» **Exercise description**: Print the data below again in full, exactly as it stands, with no images.

::::

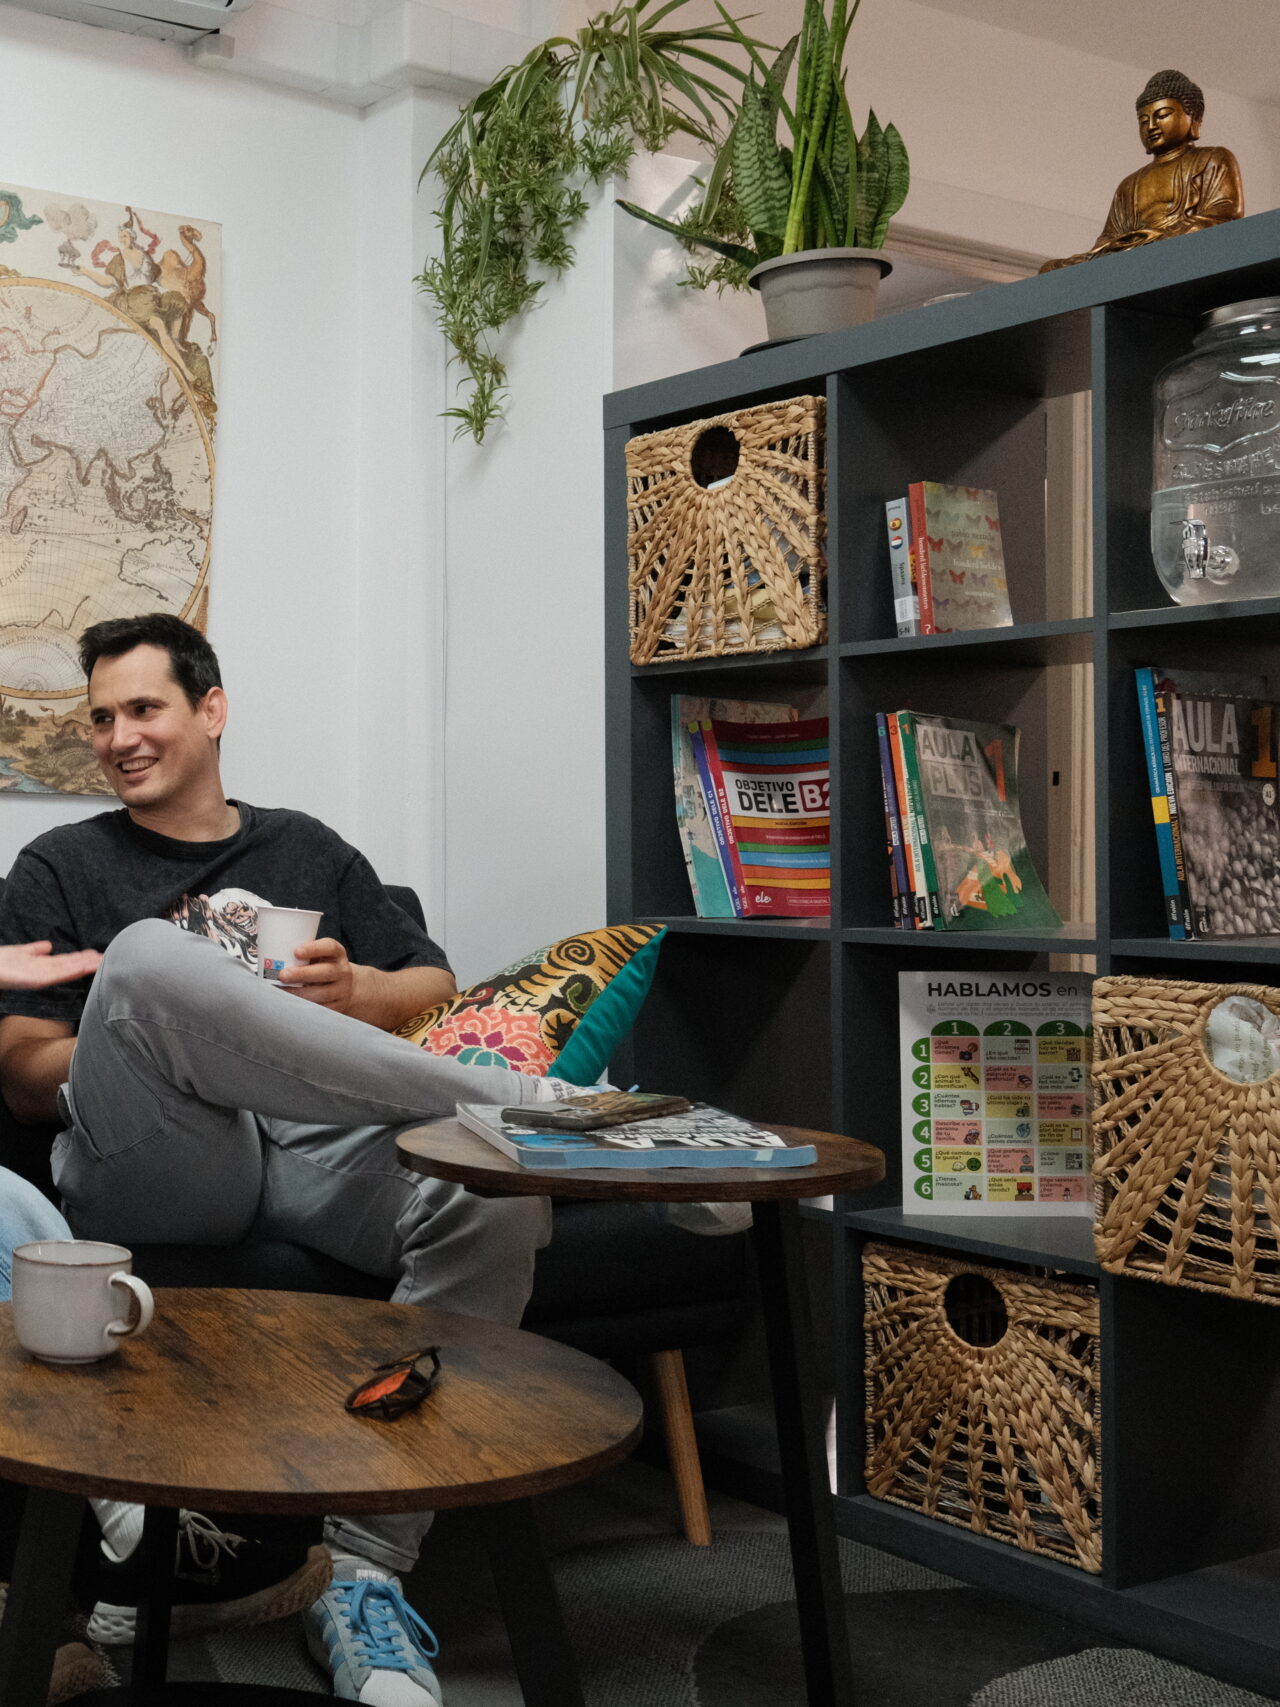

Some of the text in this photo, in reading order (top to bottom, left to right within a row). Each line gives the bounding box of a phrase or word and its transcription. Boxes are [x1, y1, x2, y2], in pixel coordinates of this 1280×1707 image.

[1156, 697, 1166, 712] 1
[877, 725, 886, 737] 6
[889, 725, 898, 736] 3
[902, 723, 911, 736] 1
[1172, 699, 1240, 755] AULA
[922, 734, 976, 762] AULA
[1250, 706, 1277, 778] 1
[984, 739, 1007, 802] 1
[735, 778, 795, 793] OBJETIVO
[709, 800, 718, 815] DELE
[738, 791, 799, 813] DELE
[1169, 794, 1177, 815] NUEVA
[1172, 819, 1183, 863] INTERNACIONAL
[1177, 862, 1185, 881] AULA
[927, 982, 1078, 997] HABLAMOS en
[951, 1022, 1065, 1036] 1 2 3
[919, 1044, 927, 1057] 1
[919, 1072, 928, 1085] 2
[920, 1099, 929, 1112] 3
[920, 1126, 930, 1139] 4
[921, 1154, 930, 1168] 5
[921, 1182, 931, 1195] 6

::::

» **Answer section**:
Some of the text in this photo, in reading order (top to bottom, left to right within a row). Each line gives the bounding box of a phrase or word and its transcription. Boxes are [x1, y1, x2, y2], in pixel coordinates of this 1280×1707 image.

[1156, 697, 1166, 712] 1
[877, 725, 886, 737] 6
[889, 725, 898, 736] 3
[902, 723, 911, 736] 1
[1172, 699, 1240, 755] AULA
[922, 734, 976, 762] AULA
[1250, 706, 1277, 778] 1
[984, 739, 1007, 802] 1
[735, 778, 795, 793] OBJETIVO
[709, 800, 718, 815] DELE
[738, 791, 799, 813] DELE
[1169, 794, 1177, 815] NUEVA
[1172, 819, 1183, 863] INTERNACIONAL
[1177, 862, 1185, 881] AULA
[927, 982, 1078, 997] HABLAMOS en
[951, 1022, 1065, 1036] 1 2 3
[919, 1044, 927, 1057] 1
[919, 1072, 928, 1085] 2
[920, 1099, 929, 1112] 3
[920, 1126, 930, 1139] 4
[921, 1154, 930, 1168] 5
[921, 1182, 931, 1195] 6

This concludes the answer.